### Required action
Restate the listing below line for line and word for word, without the pictures.

### Information provided
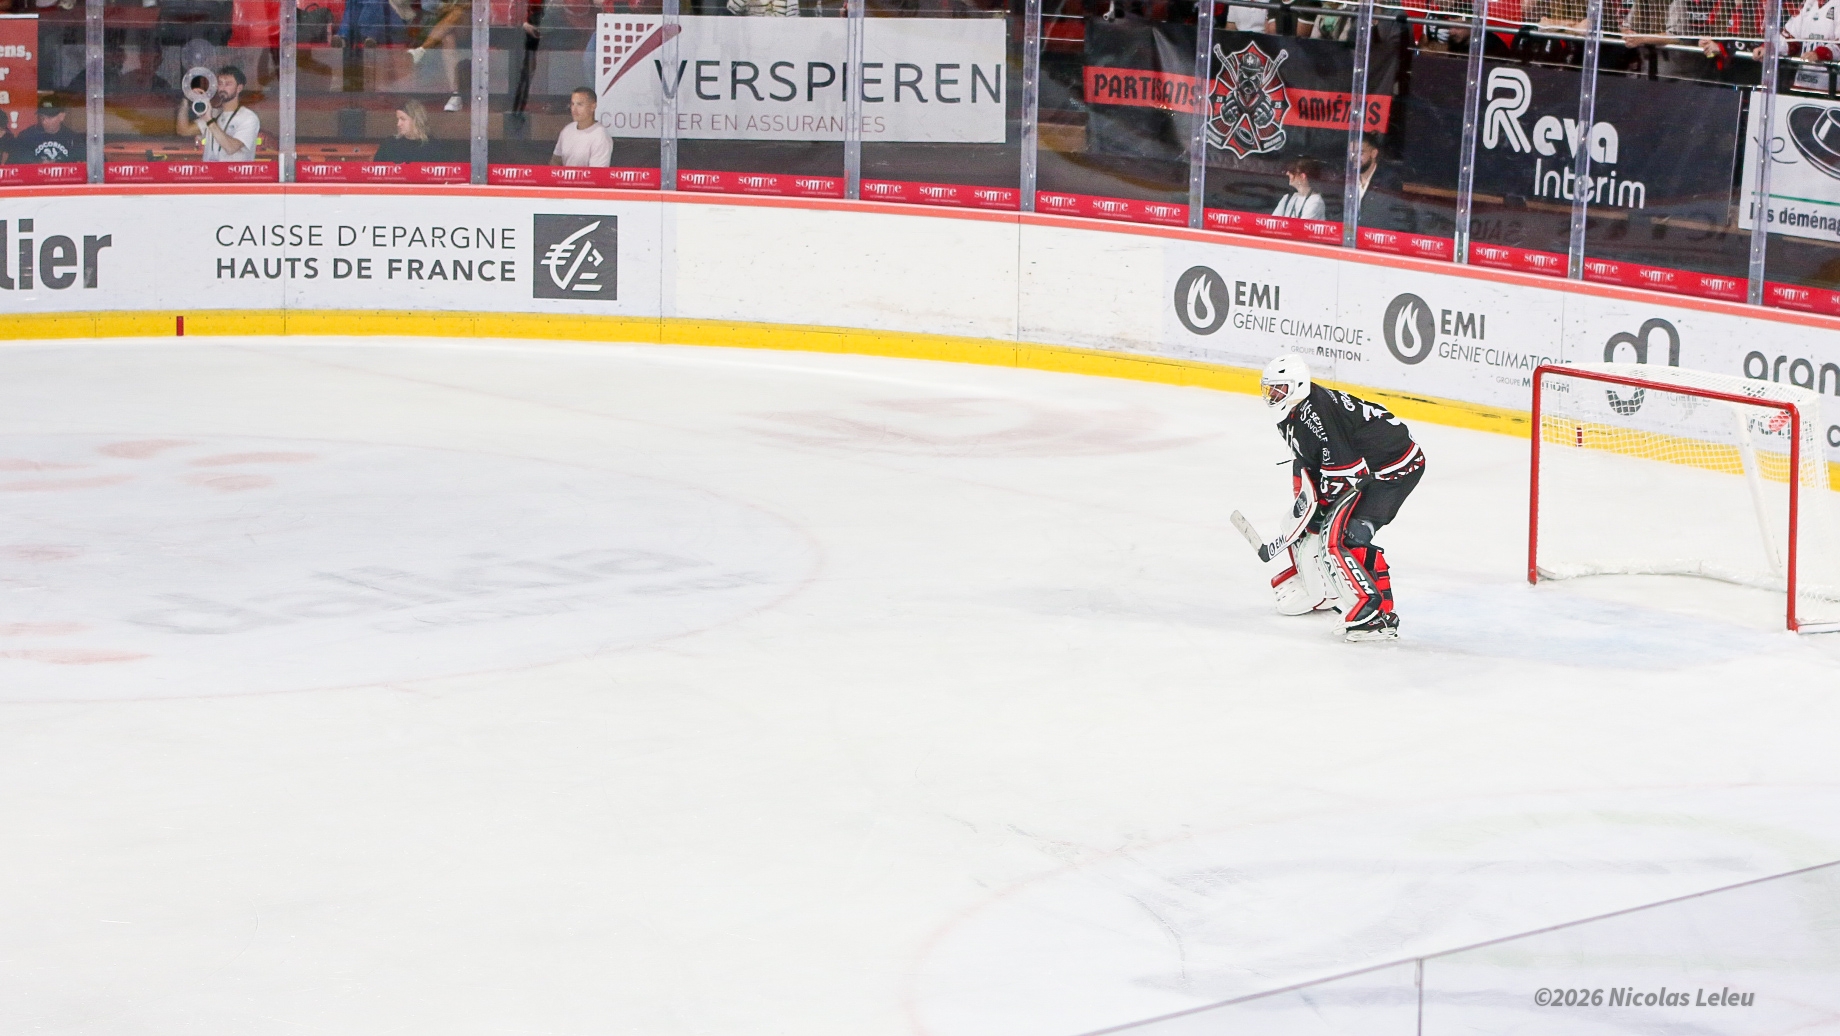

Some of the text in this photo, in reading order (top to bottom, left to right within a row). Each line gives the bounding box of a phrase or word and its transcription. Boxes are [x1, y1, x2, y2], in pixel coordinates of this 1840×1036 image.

[654, 59, 1002, 103] VERSPIEREN
[1483, 67, 1619, 164] Reva
[711, 114, 738, 131] EN
[35, 141, 69, 157] COCORICO
[38, 166, 77, 177] somme
[109, 165, 149, 176] somme
[168, 165, 208, 176] somme
[228, 165, 268, 175] somme
[302, 165, 341, 175] somme
[361, 165, 401, 175] somme
[421, 165, 461, 176] somme
[492, 167, 532, 178] somme
[551, 169, 590, 180] somme
[610, 171, 649, 181] somme
[681, 173, 719, 185] somme
[738, 176, 776, 188] somme
[795, 178, 833, 190] somme
[1534, 158, 1645, 209] Interim
[864, 182, 901, 194] somme
[919, 185, 956, 198] somme
[974, 189, 1011, 201] somme
[1040, 194, 1075, 207] somme
[1093, 199, 1128, 212] somme
[1144, 204, 1180, 217] somme
[1207, 211, 1240, 224] somme
[1255, 216, 1288, 230] somme
[1779, 207, 1840, 237] déména
[1303, 223, 1336, 236] somme
[216, 225, 516, 249] CAISSE D'EPARGNE
[1364, 231, 1396, 244] somme
[1411, 237, 1444, 251] somme
[1475, 246, 1508, 260] somme
[1524, 253, 1557, 267] somme
[1584, 257, 1619, 274] somme
[216, 258, 516, 281] HAUTS DE FRANCE
[1640, 268, 1673, 282] somme
[1701, 277, 1735, 291] somme
[1234, 280, 1280, 311] EMI
[1773, 287, 1809, 301] somme
[1233, 310, 1364, 346] GÉNIE CLIMATIQUE
[1441, 309, 1485, 340] EMI
[1291, 345, 1361, 362] GROUPE MENTION
[1439, 338, 1481, 363] GÉNIE
[1496, 376, 1520, 387] GROUPE
[1344, 556, 1375, 595] CCM

### Answer for the task
Some of the text in this photo, in reading order (top to bottom, left to right within a row). Each line gives the bounding box of a phrase or word and its transcription. Boxes are [x1, y1, x2, y2], in pixel coordinates of this 1840×1036 image.

[654, 59, 1002, 103] VERSPIEREN
[1483, 67, 1619, 164] Reva
[711, 114, 738, 131] EN
[35, 141, 69, 157] COCORICO
[38, 166, 77, 177] somme
[109, 165, 149, 176] somme
[168, 165, 208, 176] somme
[228, 165, 268, 175] somme
[302, 165, 341, 175] somme
[361, 165, 401, 175] somme
[421, 165, 461, 176] somme
[492, 167, 532, 178] somme
[551, 169, 590, 180] somme
[610, 171, 649, 181] somme
[681, 173, 719, 185] somme
[738, 176, 776, 188] somme
[795, 178, 833, 190] somme
[1534, 158, 1645, 209] Interim
[864, 182, 901, 194] somme
[919, 185, 956, 198] somme
[974, 189, 1011, 201] somme
[1040, 194, 1075, 207] somme
[1093, 199, 1128, 212] somme
[1144, 204, 1180, 217] somme
[1207, 211, 1240, 224] somme
[1255, 216, 1288, 230] somme
[1779, 207, 1840, 237] déména
[1303, 223, 1336, 236] somme
[216, 225, 516, 249] CAISSE D'EPARGNE
[1364, 231, 1396, 244] somme
[1411, 237, 1444, 251] somme
[1475, 246, 1508, 260] somme
[1524, 253, 1557, 267] somme
[1584, 257, 1619, 274] somme
[216, 258, 516, 281] HAUTS DE FRANCE
[1640, 268, 1673, 282] somme
[1701, 277, 1735, 291] somme
[1234, 280, 1280, 311] EMI
[1773, 287, 1809, 301] somme
[1233, 310, 1364, 346] GÉNIE CLIMATIQUE
[1441, 309, 1485, 340] EMI
[1291, 345, 1361, 362] GROUPE MENTION
[1439, 338, 1481, 363] GÉNIE
[1496, 376, 1520, 387] GROUPE
[1344, 556, 1375, 595] CCM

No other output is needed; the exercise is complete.